# Talon Grips



## Kraut783 (Jan 6, 2018)

I don't like to add aftermarket grips to my guns, and don't like doing the stippling thing.  But, thought I would give Talon Grips a chance. I put them on my G43 about a month ago, easy to put on, so far they have been durable and "grippy"...even during cold temps.  For those looking for a grip option....worth the 20 bucks to try them out.

TALON Grips


----------



## Gunz (Jan 7, 2018)

Those actually look pretty good. I'm not a grip man, generally. I have combat grips for my 1911 but prefer the feel of the traditional walnut.

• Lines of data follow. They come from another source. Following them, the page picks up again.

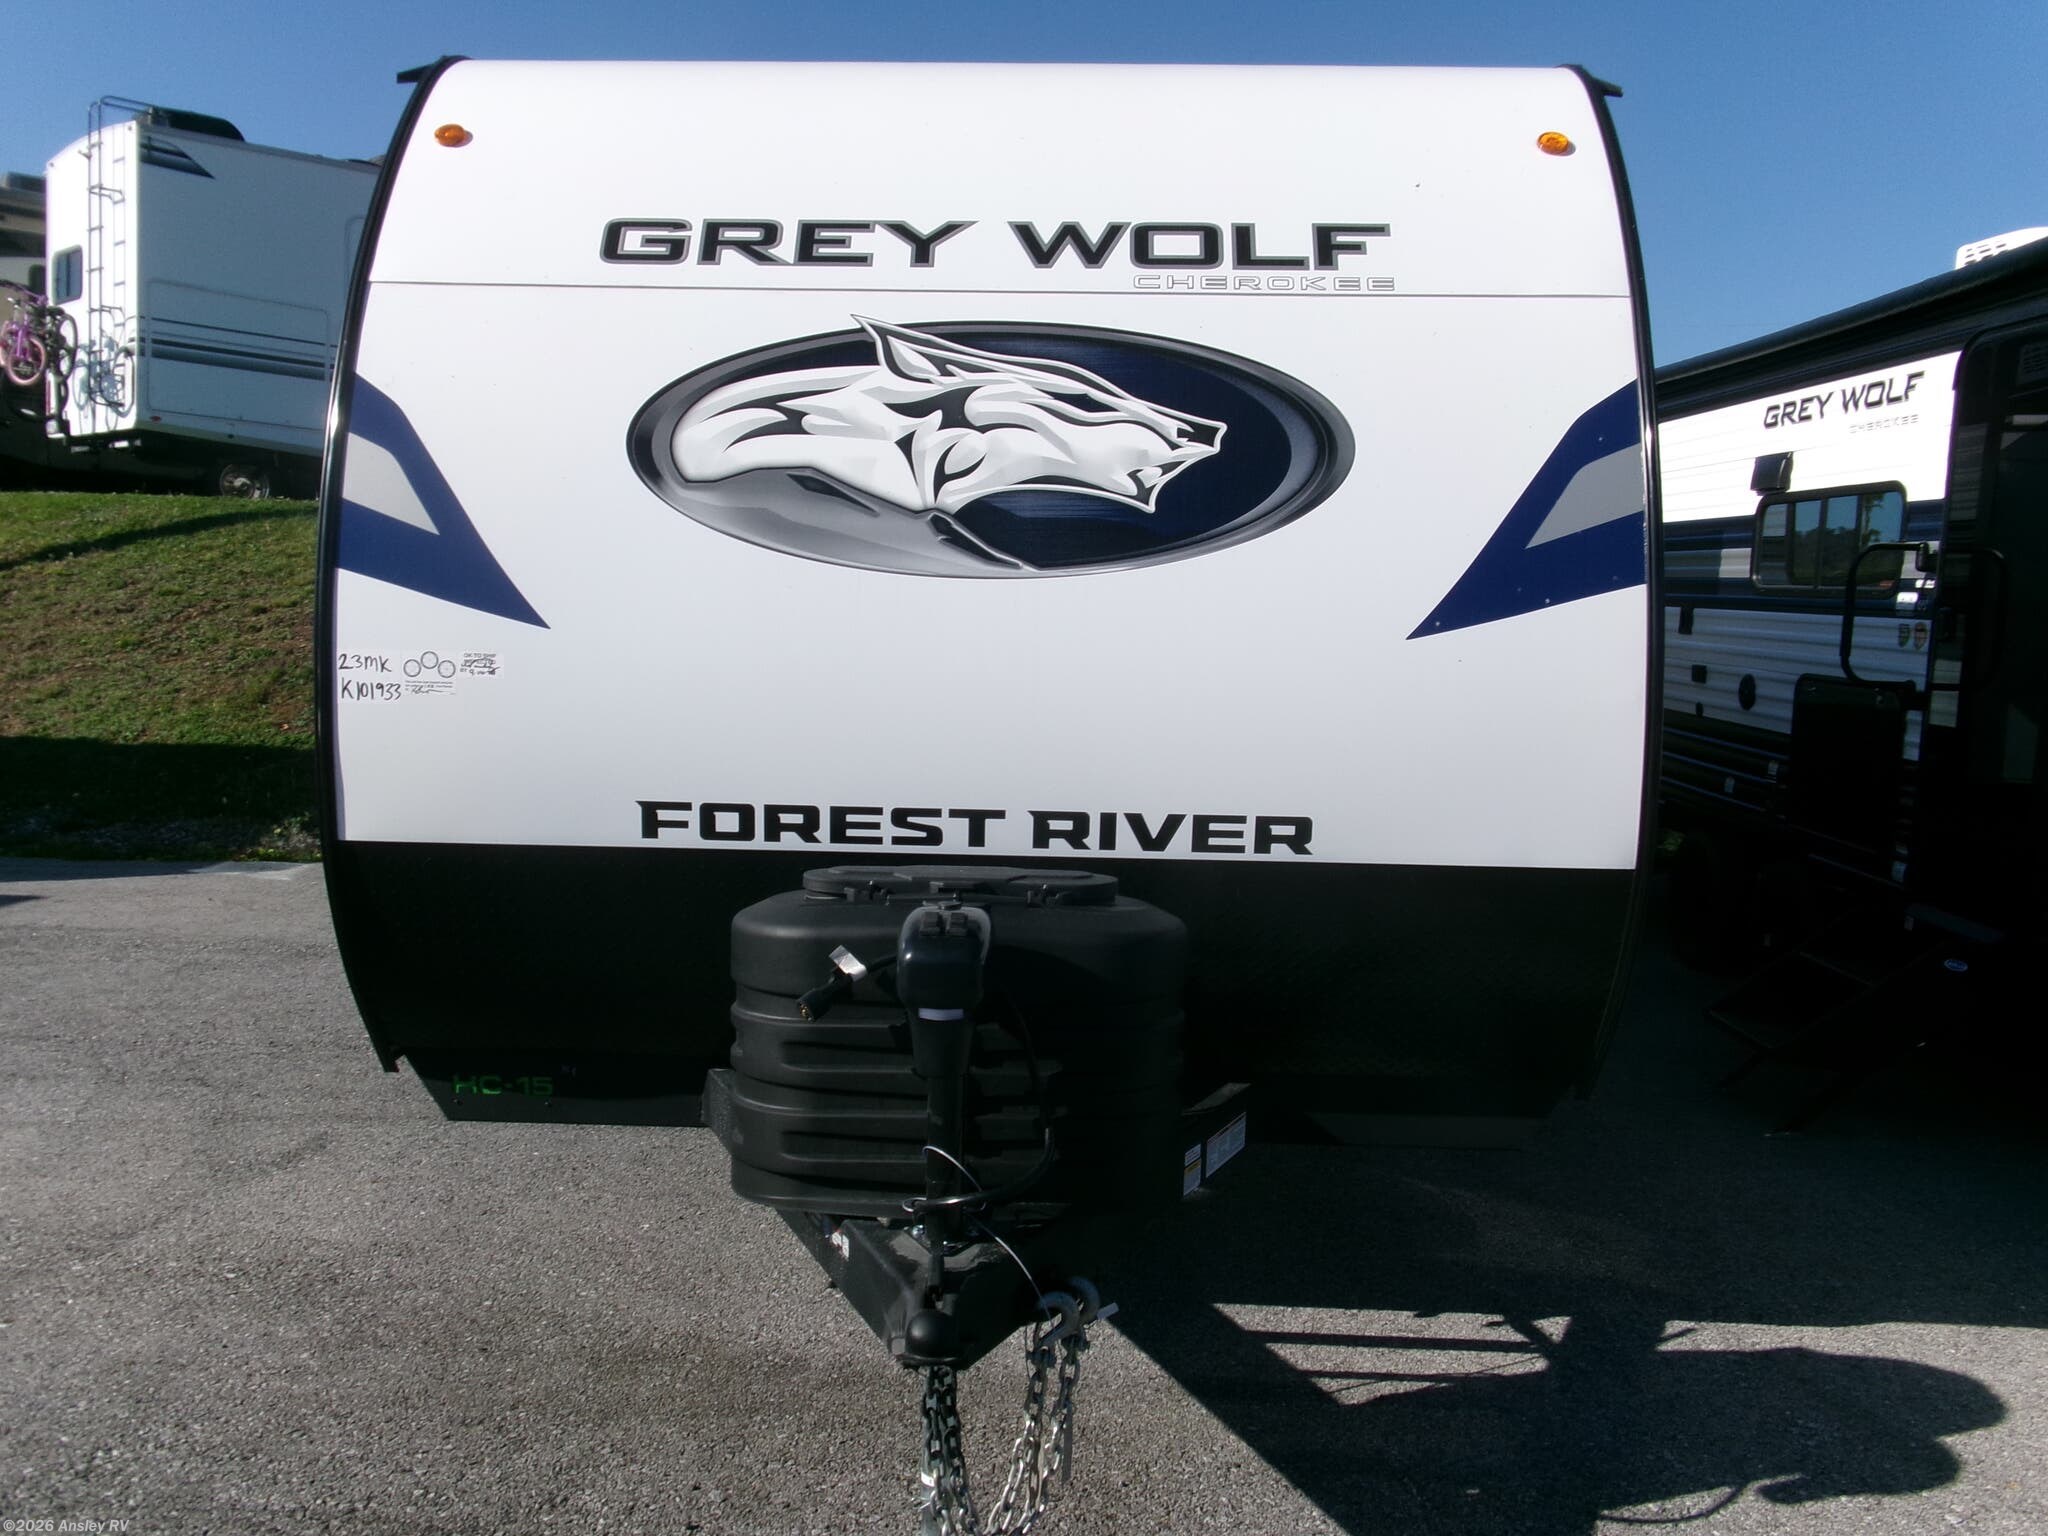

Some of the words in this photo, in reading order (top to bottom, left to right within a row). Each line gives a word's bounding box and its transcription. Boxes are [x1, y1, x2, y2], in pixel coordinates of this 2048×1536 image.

[600, 217, 980, 268] GREY
[1007, 221, 1391, 271] WOLF
[1133, 274, 1395, 291] CHEROKEE
[1764, 391, 1835, 430] GREY
[1841, 370, 1925, 414] WOLF
[1849, 414, 1919, 434] CHEROKEE
[341, 677, 402, 701] K101933
[636, 800, 1006, 847] FOREST
[1026, 809, 1314, 856] RIVER
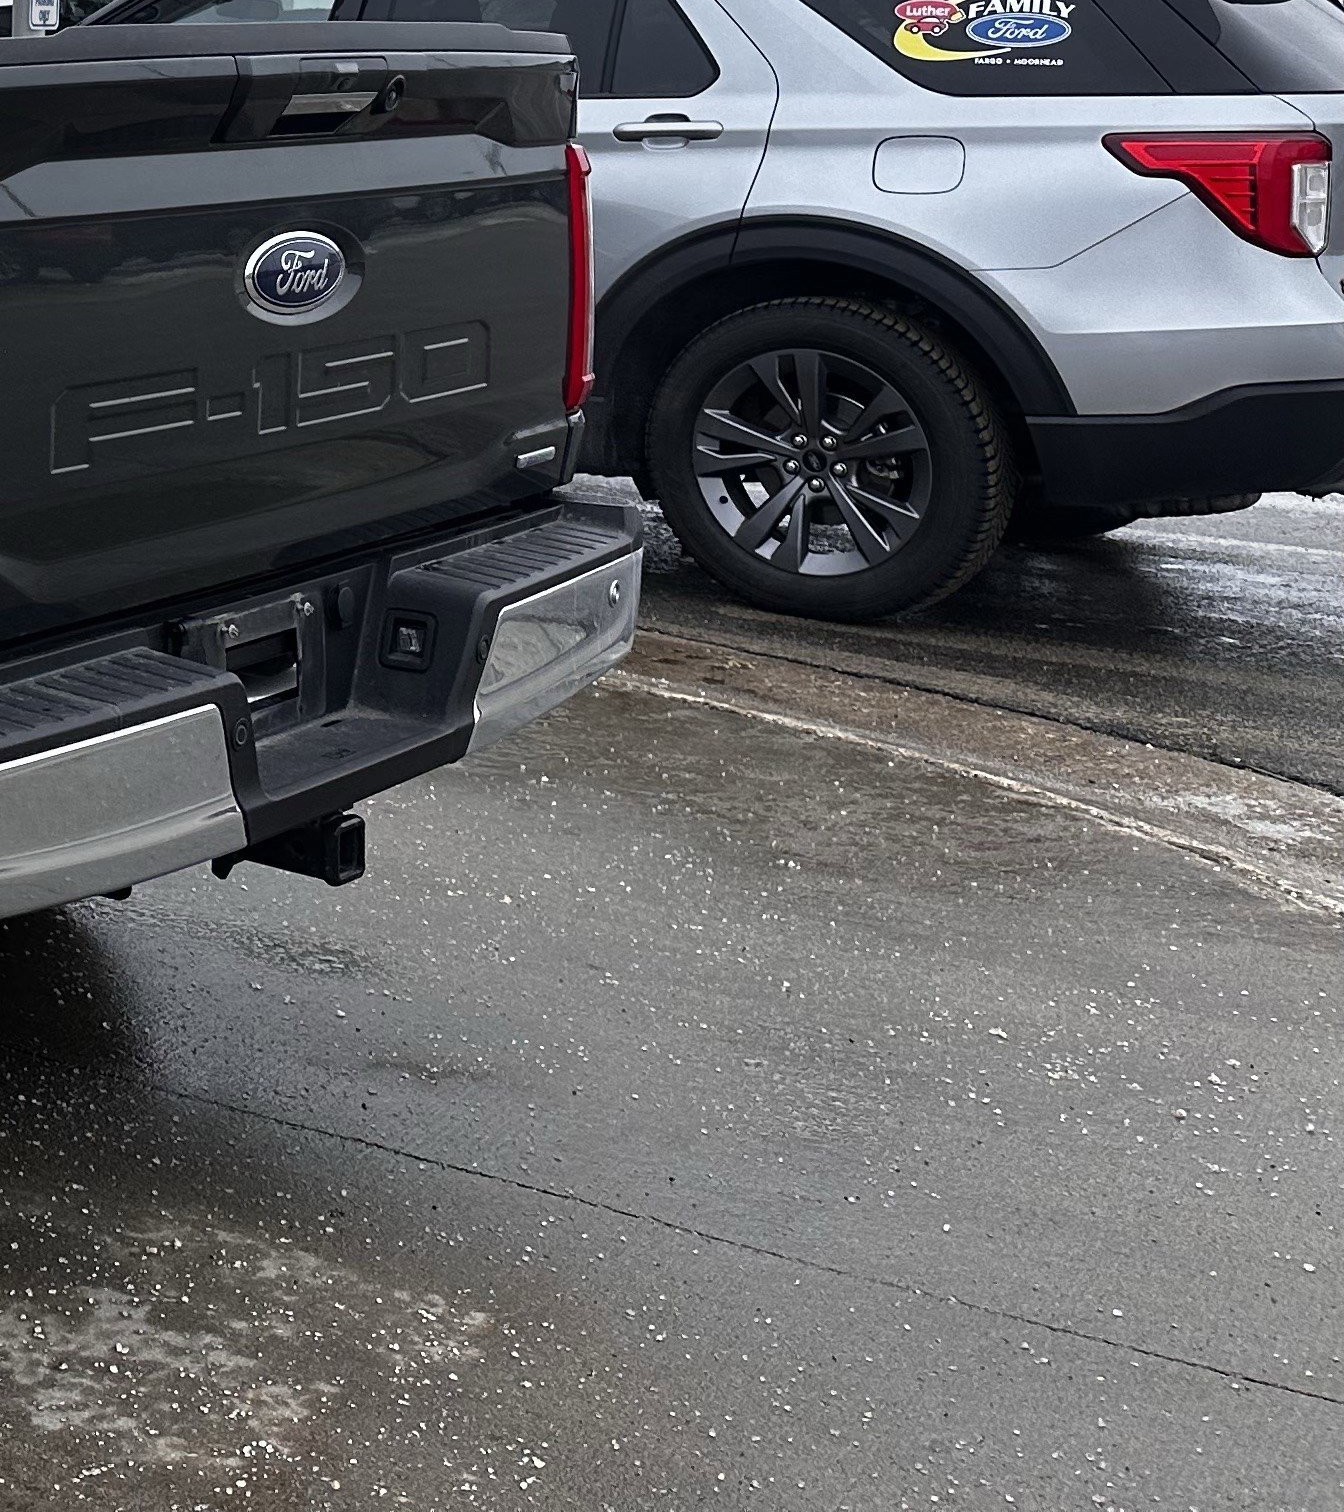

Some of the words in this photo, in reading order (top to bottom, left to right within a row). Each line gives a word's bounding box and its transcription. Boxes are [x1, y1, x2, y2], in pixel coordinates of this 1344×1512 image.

[905, 4, 951, 17] Luther
[987, 17, 1049, 40] Ford
[974, 57, 1003, 65] FARGO
[1013, 58, 1064, 66] MOORHEAD
[275, 249, 330, 296] Ford
[50, 319, 492, 475] F-150
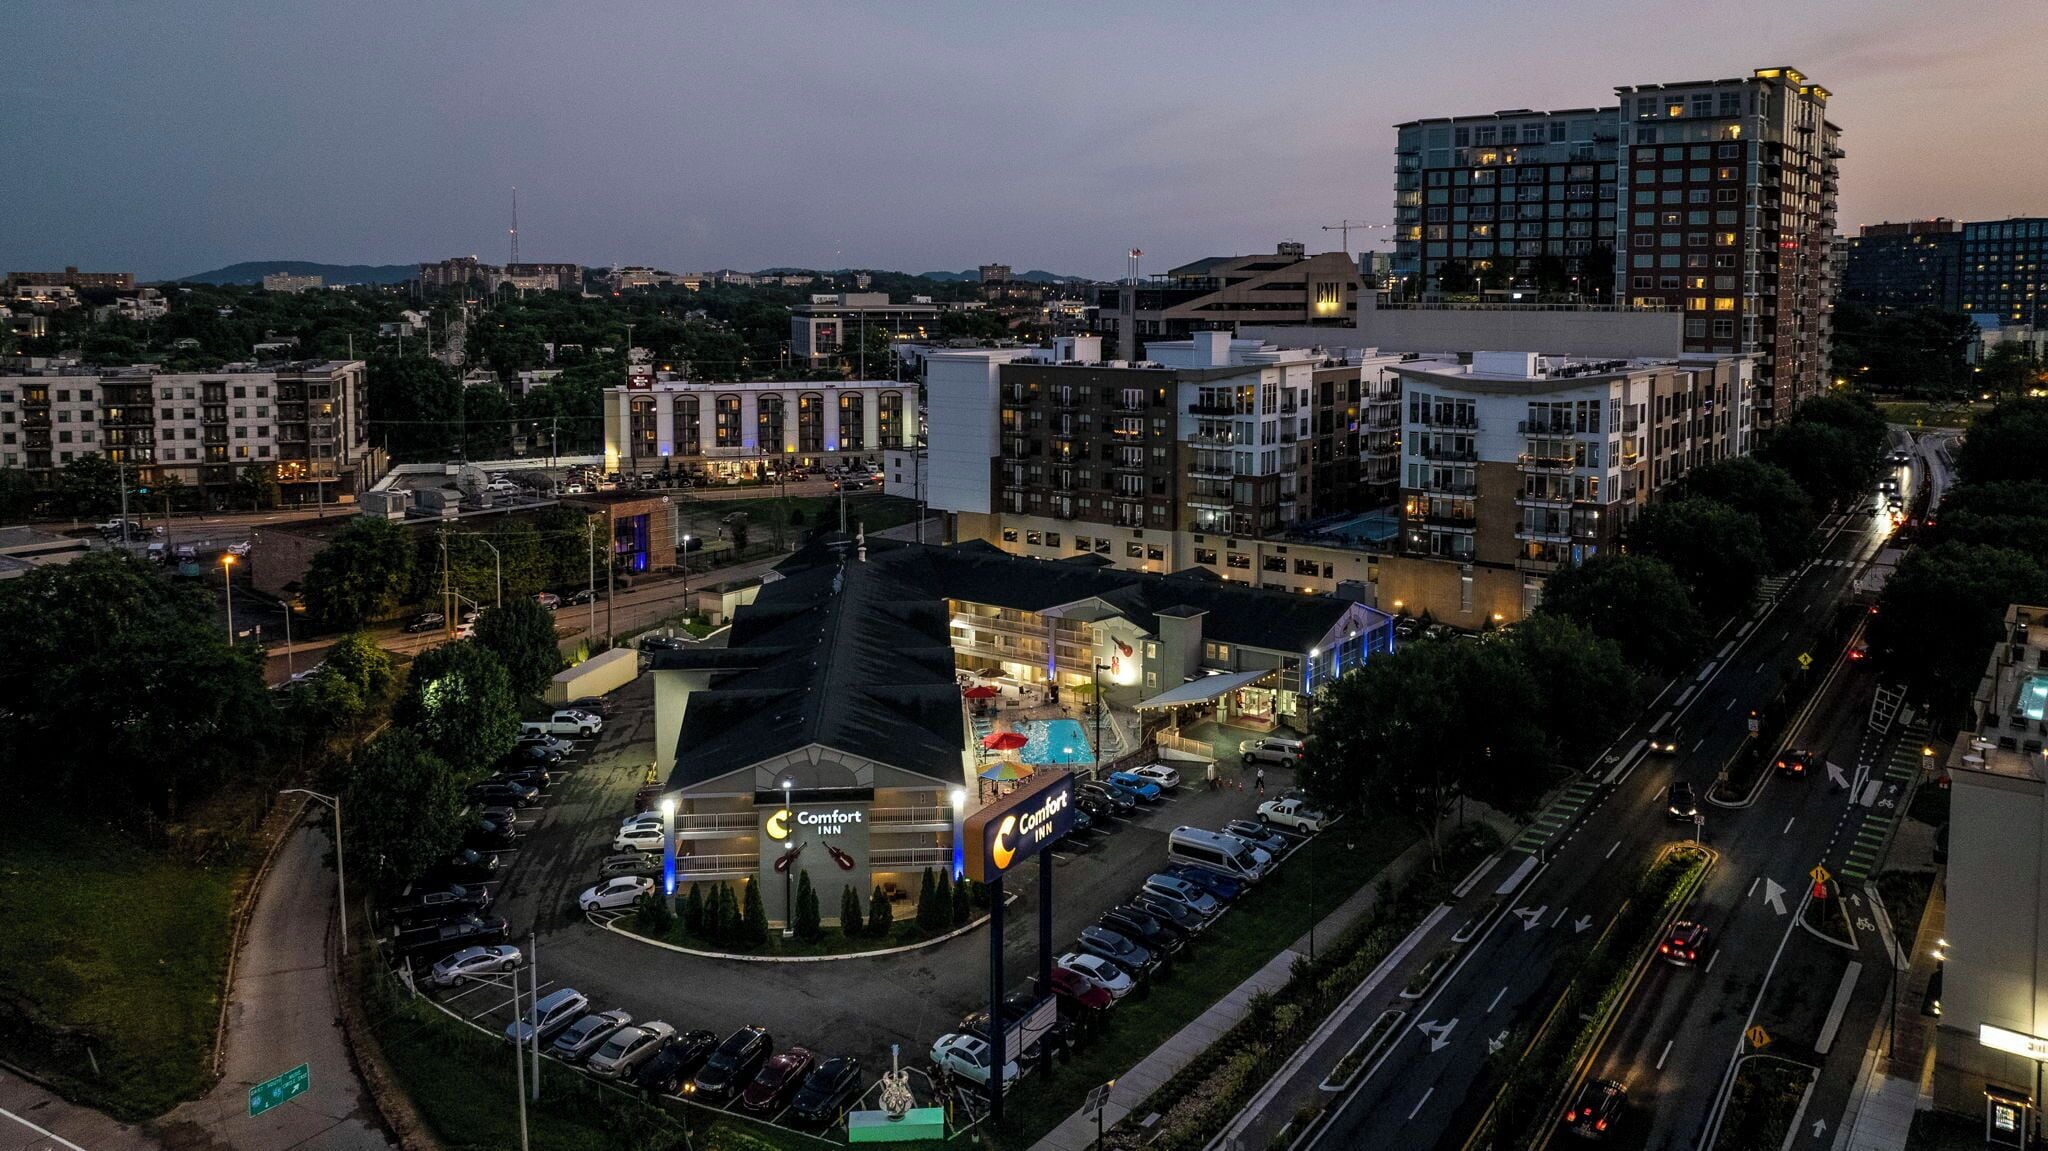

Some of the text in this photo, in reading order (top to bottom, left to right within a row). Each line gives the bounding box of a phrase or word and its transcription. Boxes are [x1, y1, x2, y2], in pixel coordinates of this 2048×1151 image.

[1316, 282, 1340, 303] BMI
[797, 809, 862, 825] Comfort
[1019, 790, 1068, 835] Comfort
[817, 825, 841, 835] INN
[1035, 821, 1053, 843] INN

Did you not like the original 43 grips? Do you like the Talons better?


----------



## Kraut783 (Jan 7, 2018)

The regular G43 grip feels pretty good, but did notice in cold weather it felt a bit slick...lack of friction feel.  So far I like the Talons much better.....we shall see how durable they are.

Really easy to put on.


----------



## Gunz (Jan 7, 2018)

Nice. Rog that, you don't want "slick."


----------



## Ooh-Rah (Jan 7, 2018)

I don't know if these are Talon, but I bought them when I got my CZ-75.  This is an older pic, I have them on the front strap as well.  They were a lot more than $20 though.  Maybe I got taken by the guy at the gun store, but I can shoot the F out of this gun, so I guess I don't care.


----------



## Gunz (Jan 7, 2018)

I'm all about whatever helps you be deadlier, whatever it takes to reach that Zen between you and the firearm.


----------



## Topkick (Jan 7, 2018)

Ooh-Rah said:


> I don't know if these are Talon, but I bought them when I got my CZ-75.  This is an older pic, I have them on the front strap as well.  They were a lot more than $20 though.  Maybe I got taken by the guy at the gun store, but I can shoot the F out of this gun, so I guess I don't care.
> 
> View attachment 20844



I like the CZ-75 a lot. Talon grips are just tape that you put on your existing grips. it looks like you actually replaced the existing grips, Right?


----------



## Ooh-Rah (Jan 7, 2018)

Topkick said:


> it looks like you actually replaced the existing grips, Right?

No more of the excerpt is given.